The task: In the copy, keep every line below as it is and leave out the pictures.

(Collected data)
=== Section Start ===

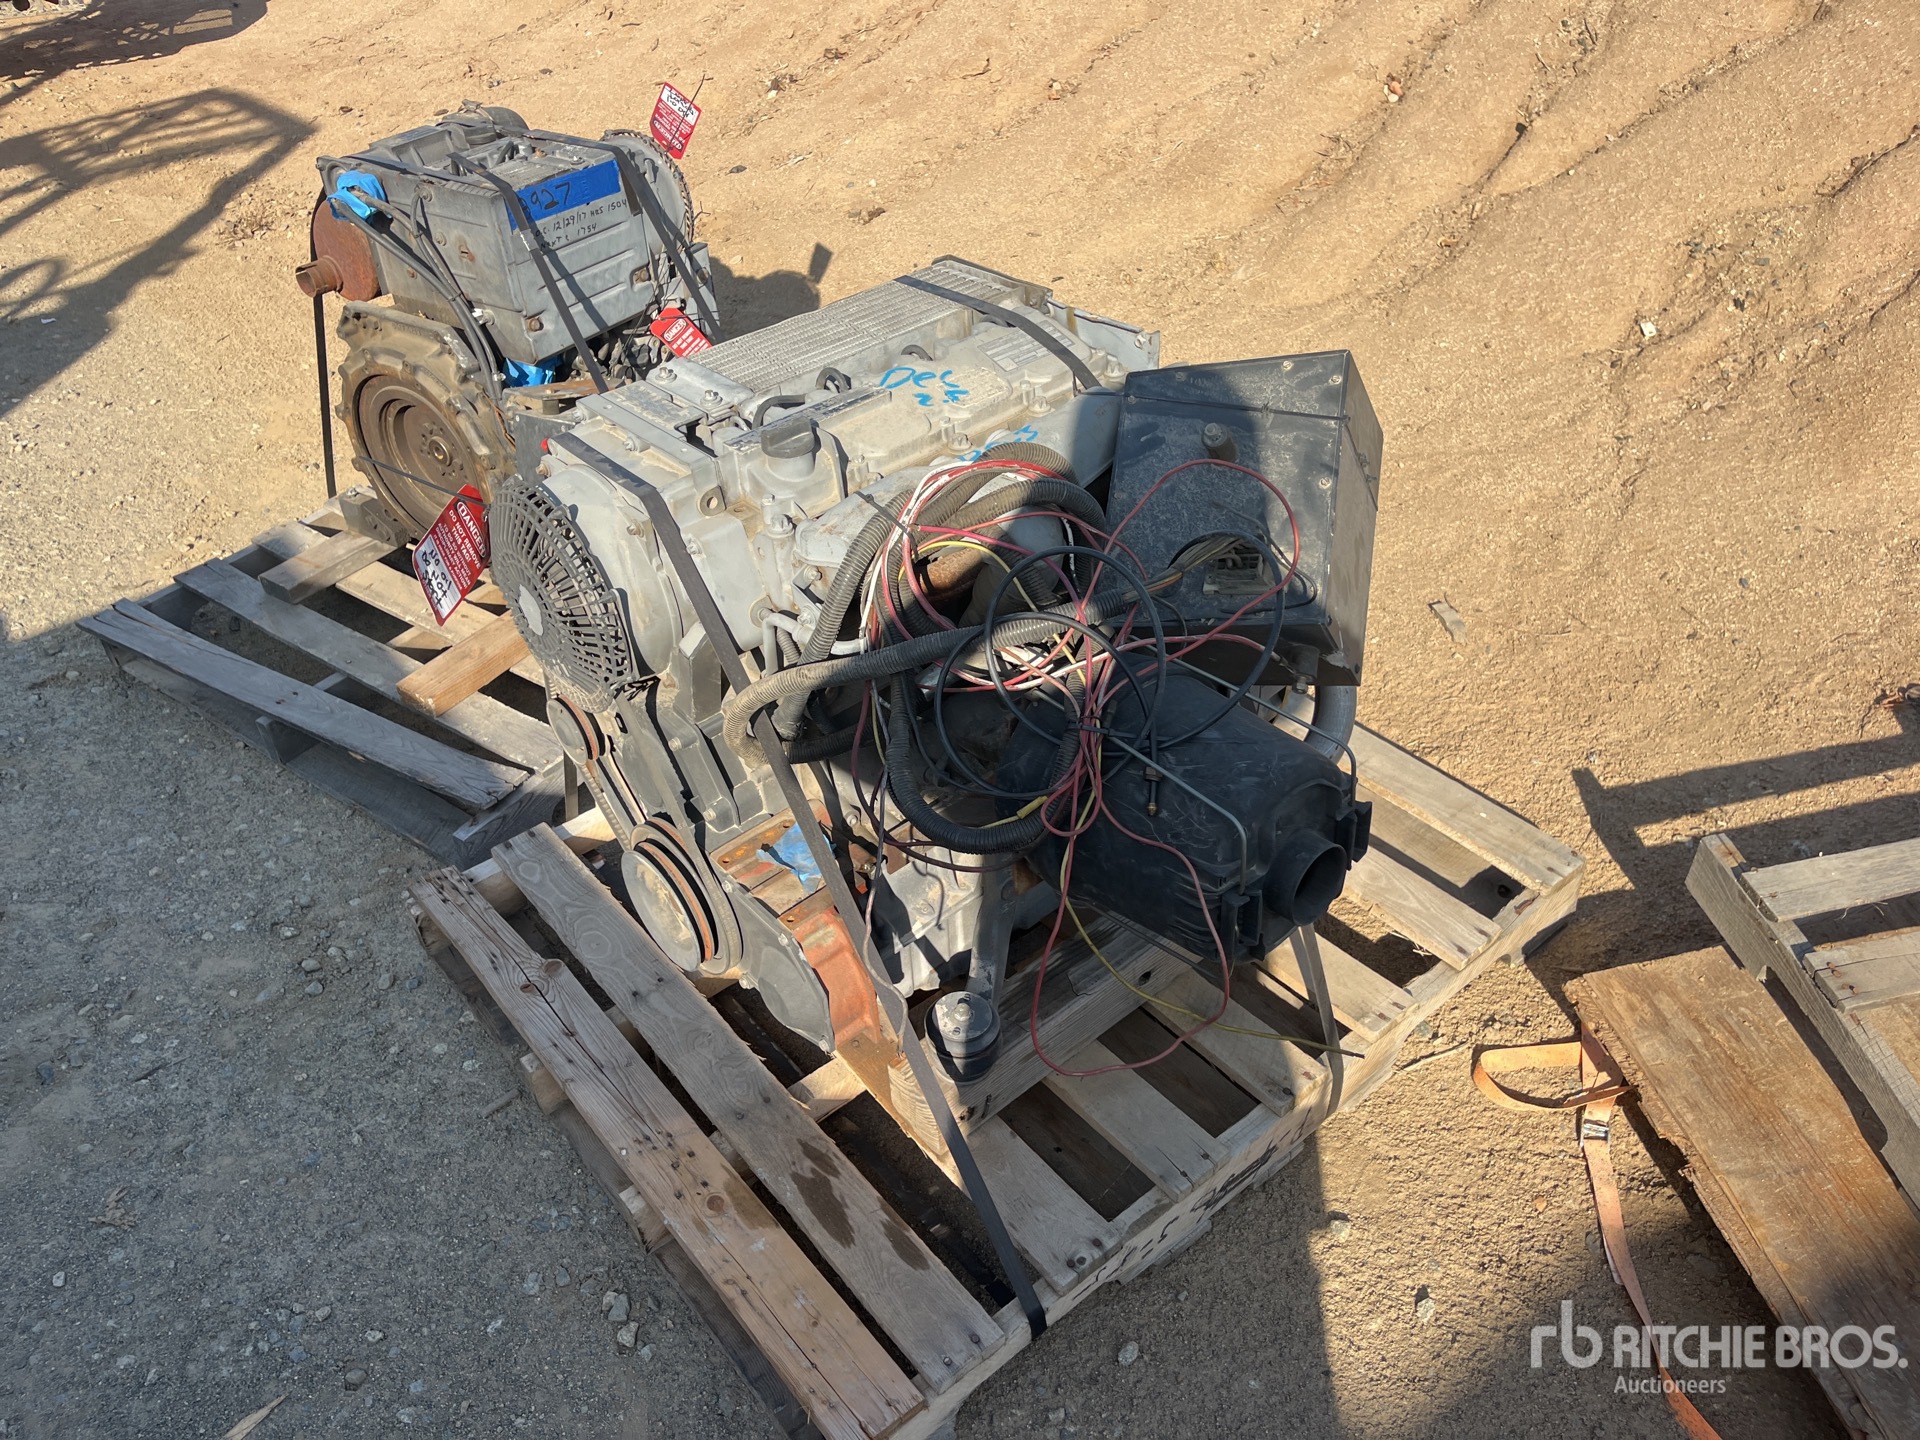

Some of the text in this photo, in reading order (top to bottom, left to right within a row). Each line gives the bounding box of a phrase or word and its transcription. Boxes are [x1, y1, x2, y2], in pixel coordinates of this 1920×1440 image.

[608, 198, 628, 212] 1504
[577, 223, 597, 236] 1754
[438, 523, 455, 554] AUTHORITY
[449, 510, 481, 569] DO NOT REMOVE
[452, 527, 471, 562] THIS TAG!
[459, 505, 486, 553] DANGER
[457, 551, 471, 576] WITHOUT
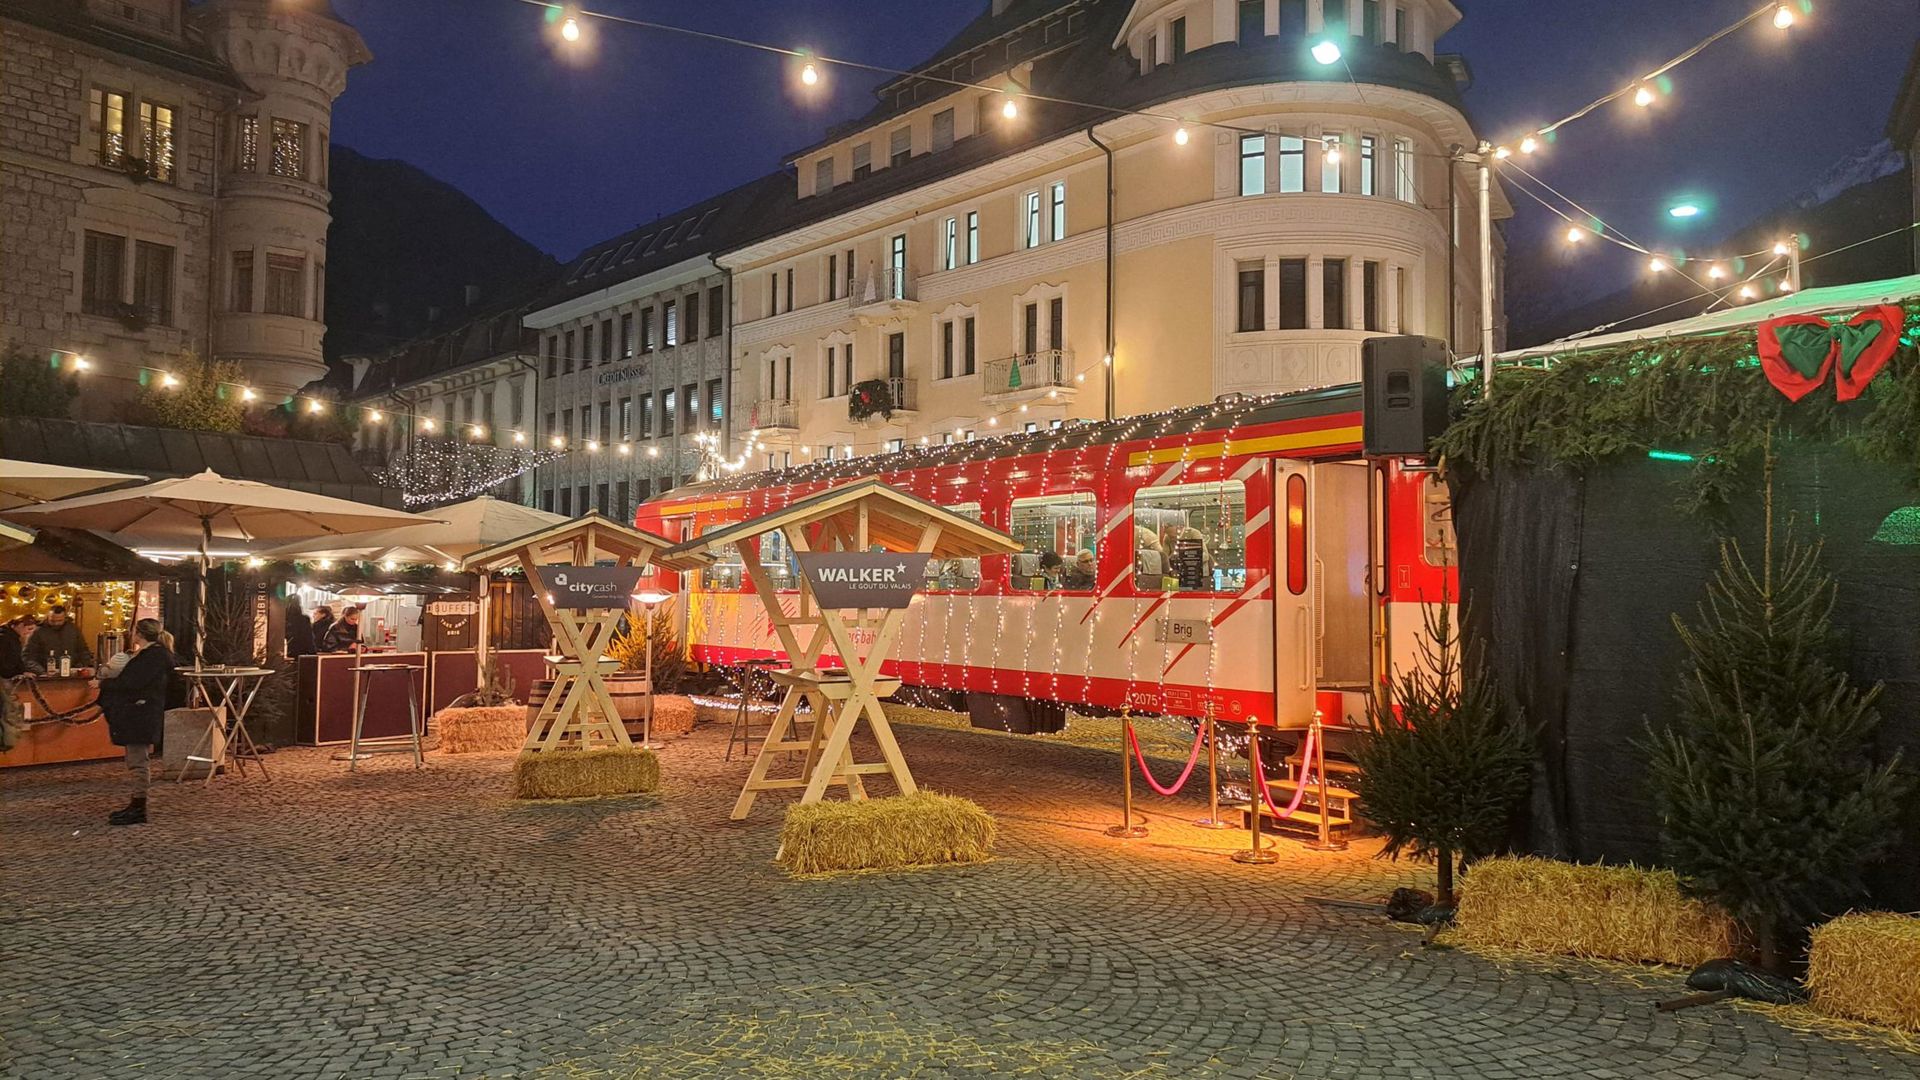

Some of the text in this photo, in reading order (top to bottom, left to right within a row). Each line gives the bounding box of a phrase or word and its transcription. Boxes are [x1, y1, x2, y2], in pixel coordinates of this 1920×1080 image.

[992, 507, 997, 527] 1
[818, 568, 896, 582] WALKER
[569, 582, 617, 594] citycash
[440, 618, 467, 629] TAKE AWAY
[1174, 623, 1192, 638] Brig
[1125, 691, 1132, 703] A
[1134, 692, 1158, 706] 2075
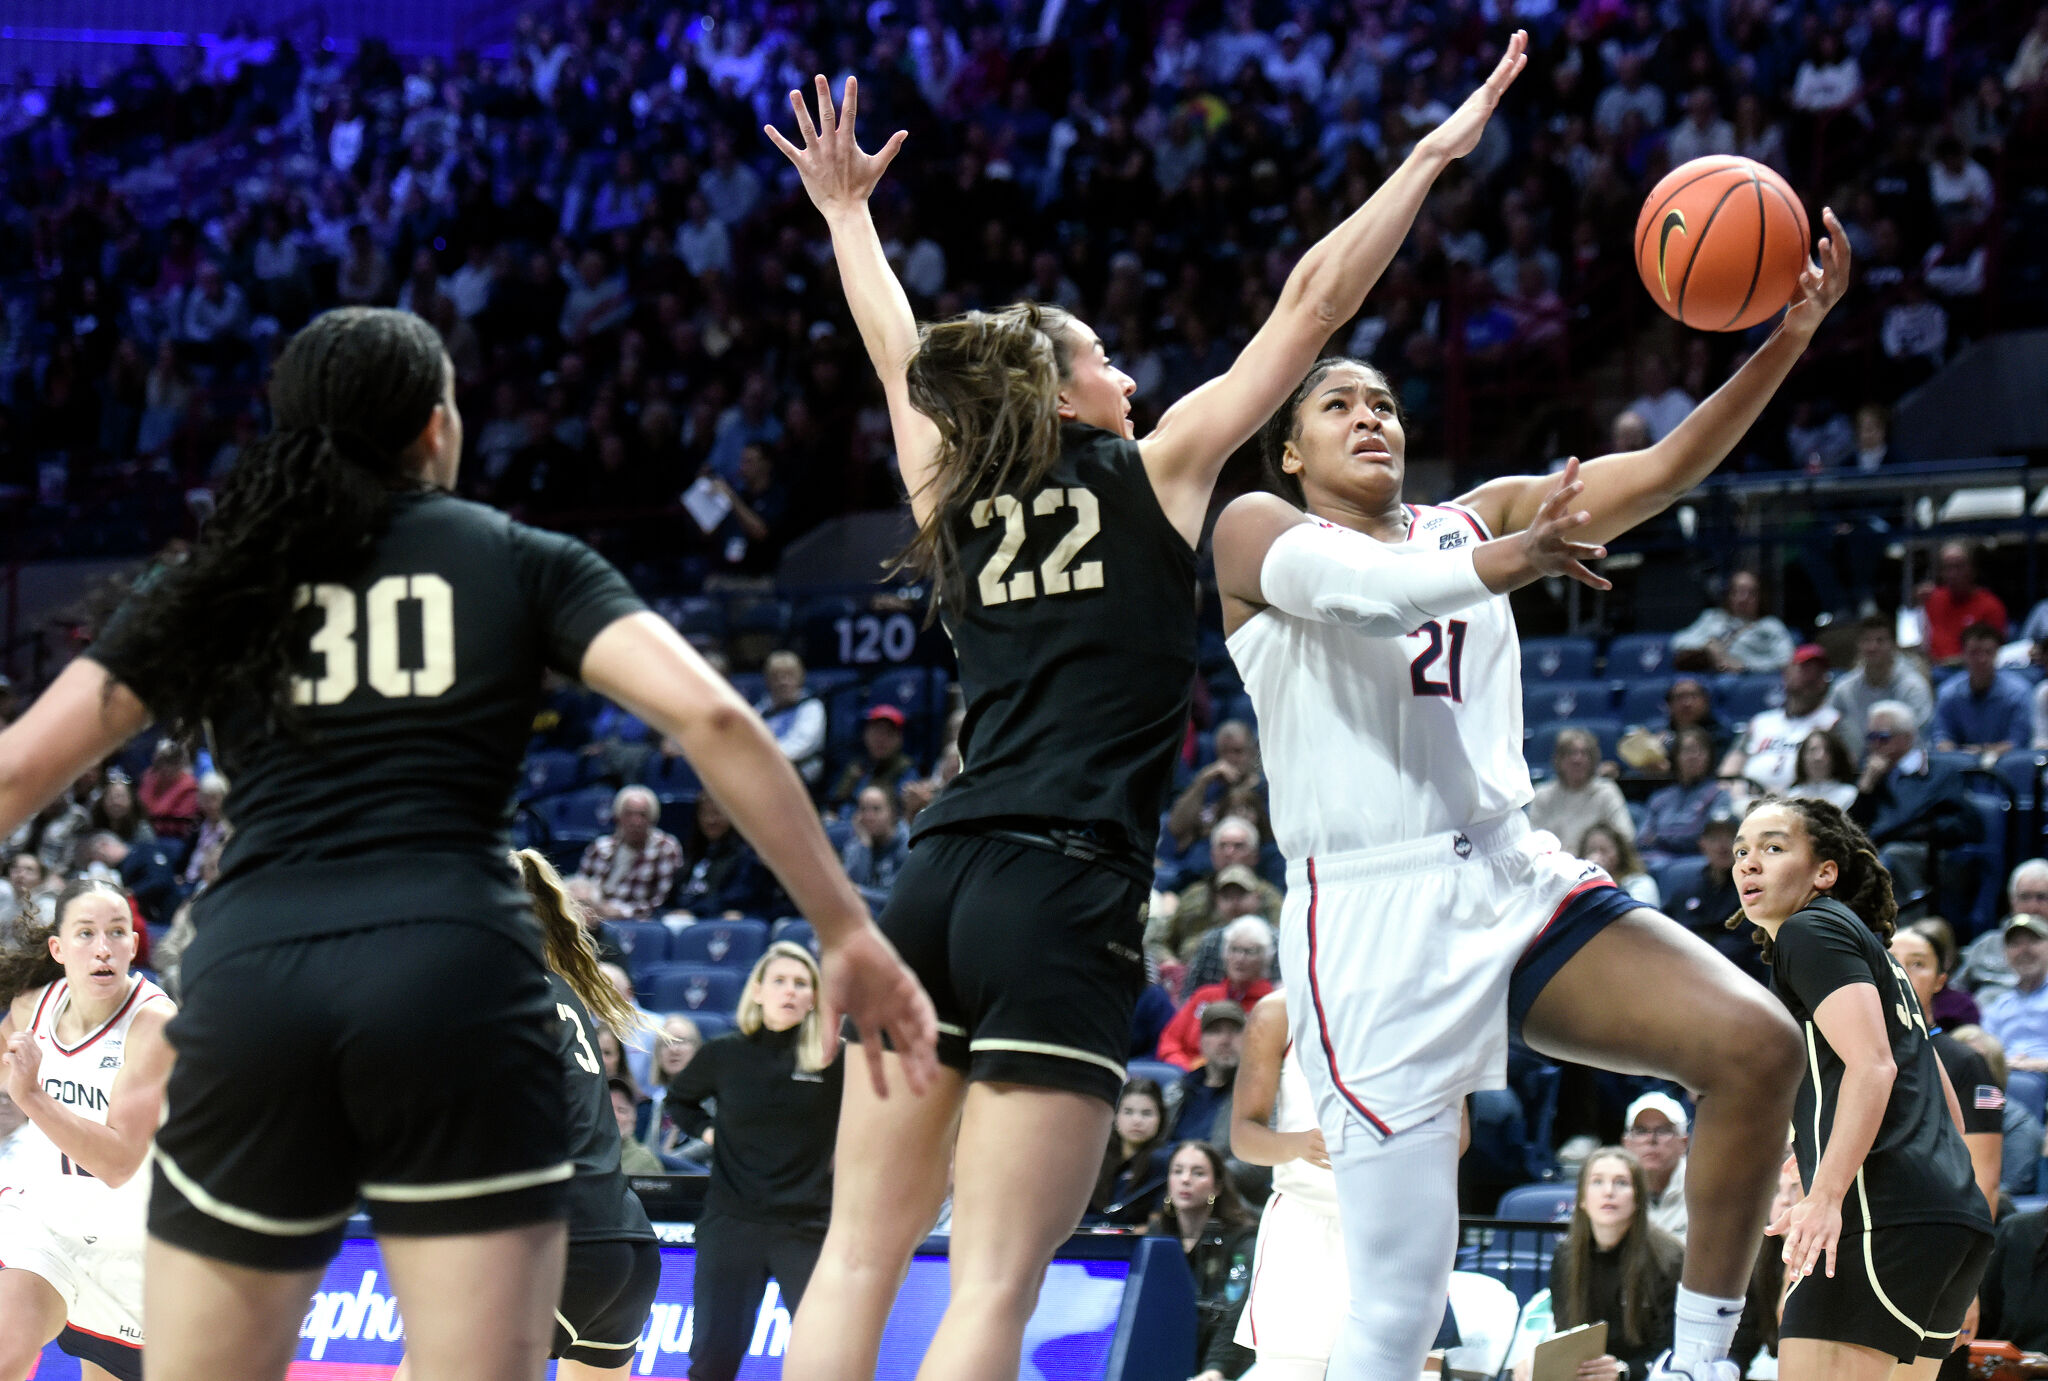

=== Section End ===

Exercise result:
Some of the text in this photo, in reading order (top to bottom, left to right within a row). Each line gives the bounding box of a phrase or word and its transcription. Boxes are [x1, y1, x2, y2], in pixel coordinates of this 1920×1440 image.

[608, 198, 628, 212] 1504
[577, 223, 597, 236] 1754
[438, 523, 455, 554] AUTHORITY
[449, 510, 481, 569] DO NOT REMOVE
[452, 527, 471, 562] THIS TAG!
[459, 505, 486, 553] DANGER
[457, 551, 471, 576] WITHOUT

Some of the text in this photo, in reading order (top to bottom, left to right within a row). Each line gives the bounding box of a phrase or word and its transcription. Boxes are [x1, y1, x2, y2], in pixel coordinates of this 1920×1080 image.

[992, 507, 997, 527] 1
[818, 568, 896, 582] WALKER
[569, 582, 617, 594] citycash
[440, 618, 467, 629] TAKE AWAY
[1174, 623, 1192, 638] Brig
[1125, 691, 1132, 703] A
[1134, 692, 1158, 706] 2075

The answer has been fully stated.